Bncr amino acid sequences were aligned using MUSCLE85 with default parameters. A phylogeny was then reconstructed using MrBayes and mcmc = 2,000,00086. Finally, ancestral amino acid states were reconstructed for all nodes of the obtained phylogeny with PAML with default parameters87. The alignment, phylogeny, and ancestral reconstructions as well as the relevant control files are available on GitHub (https://github.com/kristabriedis/AncestralBncrs)88.
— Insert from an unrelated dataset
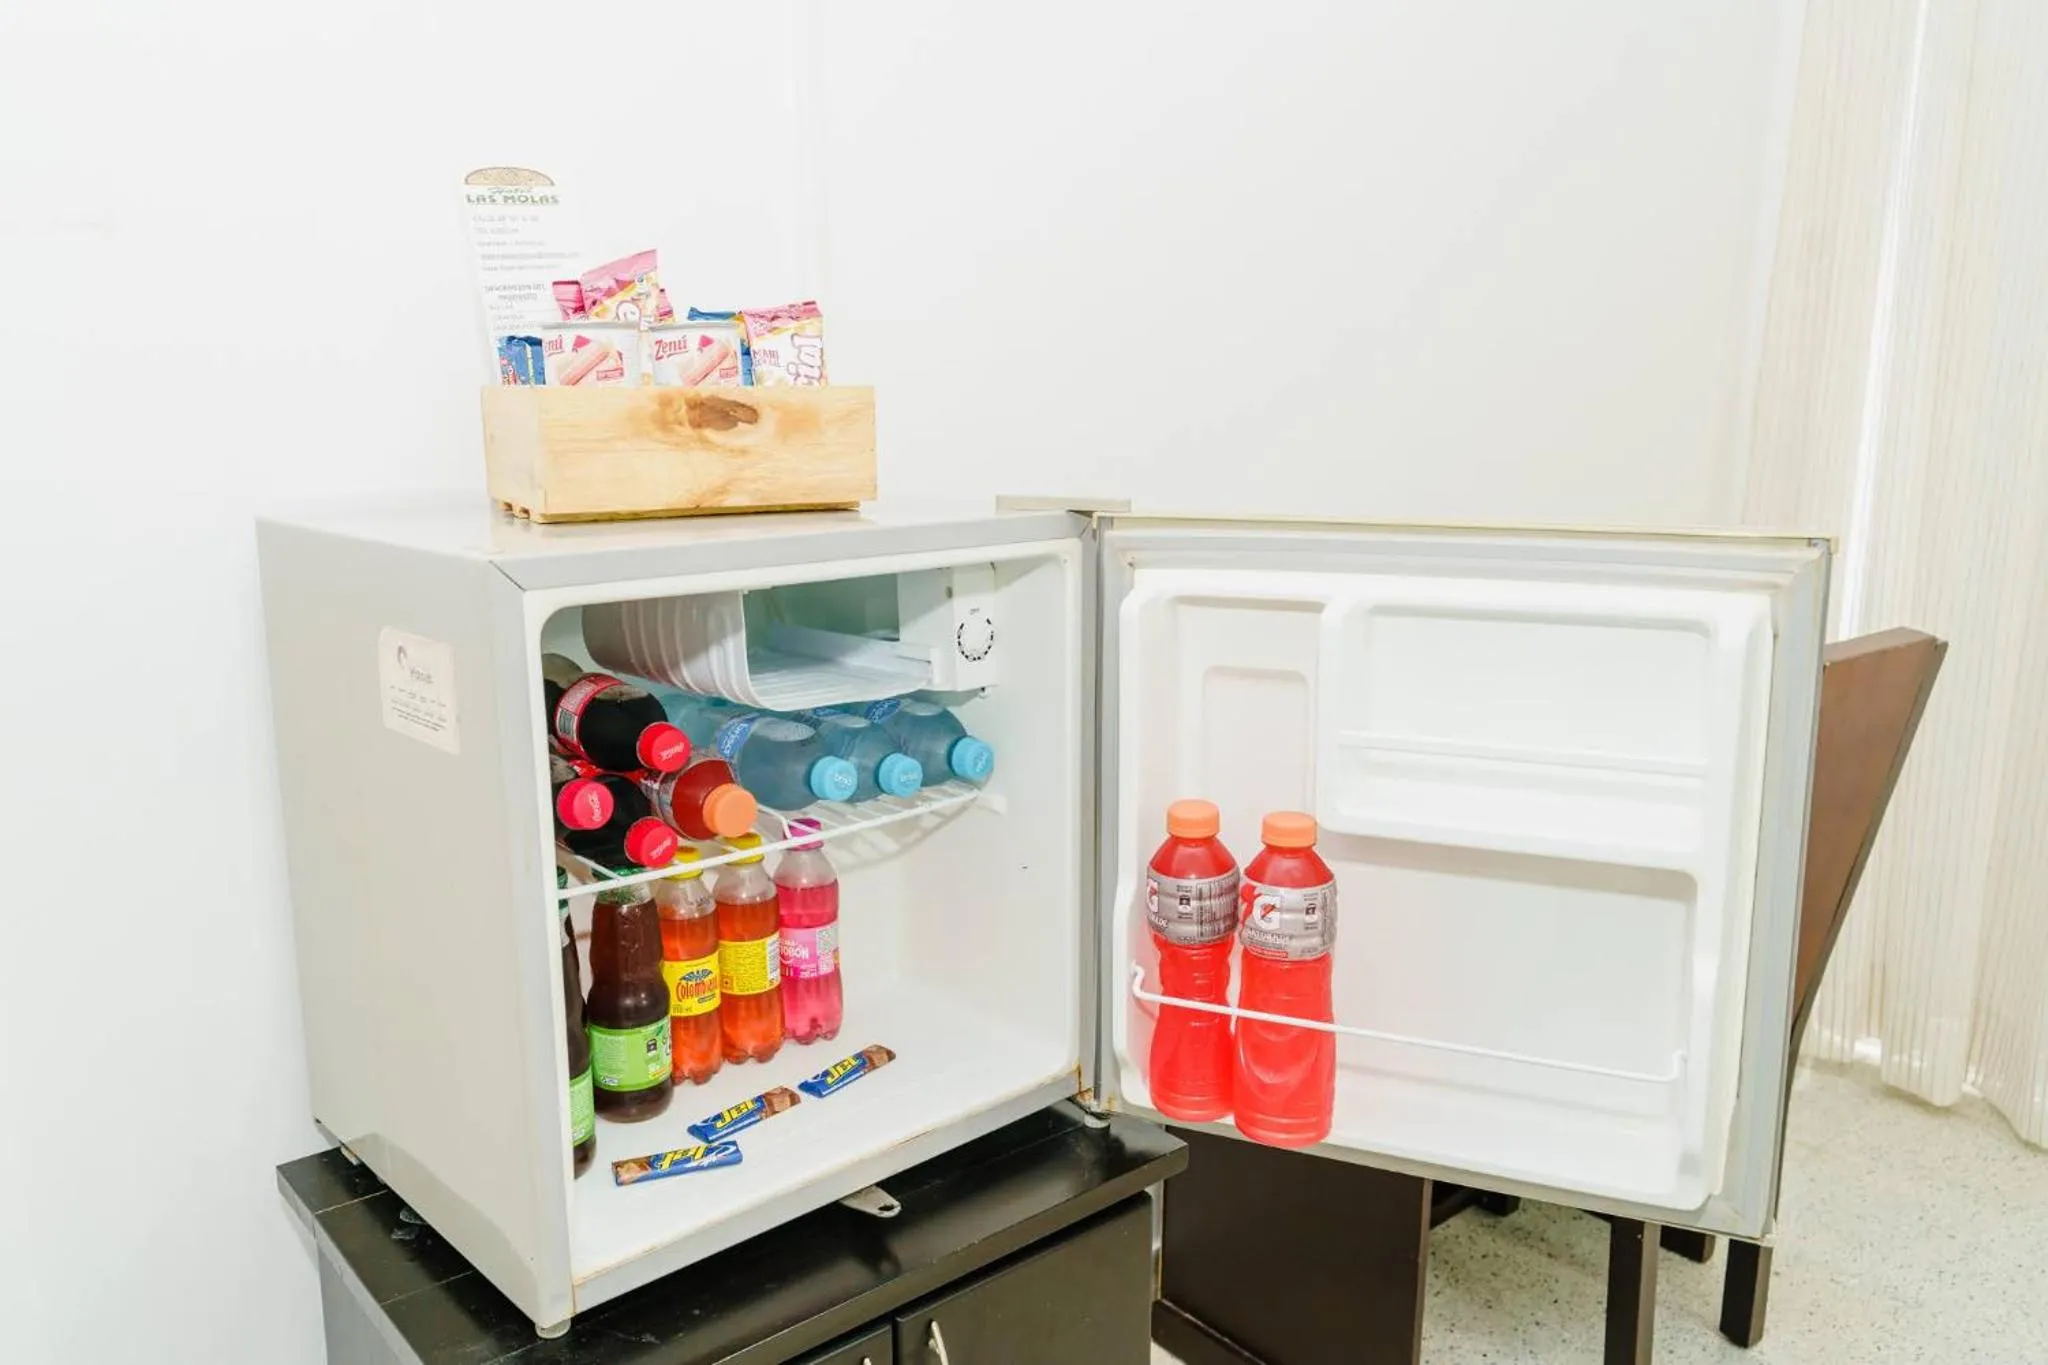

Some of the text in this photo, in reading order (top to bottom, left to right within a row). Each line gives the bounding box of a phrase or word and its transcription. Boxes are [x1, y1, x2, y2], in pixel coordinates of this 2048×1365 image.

De-glycosylation and western blot analysis

To collect egg cap lysates for de-glycosylation enzyme treatment and western blot analysis, transgenic zebrafish females for each line of interest and a male were set up the night before in a mating tank and separated with a plastic divider. On the morning of collection, the fish were allowed to mate, and their eggs were collected immediately in blue water. As soon as the chorions were lifted, the eggs were de-chorionated and de-yolked manually with fine forceps in a Silguard dish filled with 1X Danieau’s solution. Eggs were dissected 5 at a time such that a total of 20 egg caps were collected in 8 µl of 1X Danieau’s solution and were immediately pipetted into a tube on dry ice. Samples were kept at −70 °C until processing. To each sample, 32 µl of nuclease-free water was added and samples were divided equally into two tubes. The untreated sample was kept at −70 °C, while the other was treated overnight with Protein Deglycosylation Mix II (NEB) using non-denaturing reaction conditions according to the manufacturer’s protocol. All samples were boiled with 1X Laemmli buffer containing 10% ß-mercaptoethanol before SDS-PAGE using Mini-PROTEAN TGX (Bio-Rad) pre-cast gels. After SDS-PAGE, samples were wet-transferred onto a nitrocellulose membrane which was blocked with 5% milk powder in 0.1% Tween-20 in 1X TBS (TBST). Membranes were incubated in primary rabbit anti-GFP antibody [1:1000, (A11122, Invitrogen)] overnight at 4 °C, then washed with TBST before HRP-conjugated goat anti-rabbit secondary antibody [1:10,000 (115–036–045, Dianova)] incubation for 30 min to 1 h. Membranes were washed a few times in TBST before HRP activity was visualized using Clarity Western ECL Substrate (Bio-Rad) on a ChemiDoc (Bio-Rad). For visualizing tubulin levels, membranes were stripped using Restore Western Blot Stripping Buffer (Thermo Fisher Scientific) before washing, blocking, and incubation with mouse anti-alpha-tubulin antibody [1:20,000 (T6074, Merck)] and proceeding with HRP-conjugated goat anti-mouse secondary antibody staining [1:10,000 (115–036–062, Dianova)] and detection as described above. Uncropped images of Western blots are provided in the Source Data file.

Statistical analysis

Statistical comparisons between medaka bncra and bncrb mutants vs. wild-type and the transgenic bncra rescue line were performed using the Kruskal–Wallis test with Dunn’s multiple comparisons test at the 0.95 confidence level. Statistical comparisons between clutches of eggs fertilized by medaka vs. zebrafish sperm in IVF experiments were made using the Wilcoxon matched-pairs signed rank test (two-tailed) with the method of Pratt, such that pairs for which the two values were equal were not excluded. The median of the bias indices derived from paired IVF data was tested for being significantly different from a hypothetical median of 0 (indicating no bias) using the Wilcoxon signed rank test (two-tailed) at the 0.95 confidence level. The method of Pratt was used such that median values equal to 0 were not excluded.

Reporting summary

Further information on research design is available in the Nature Portfolio Reporting Summary linked to this article.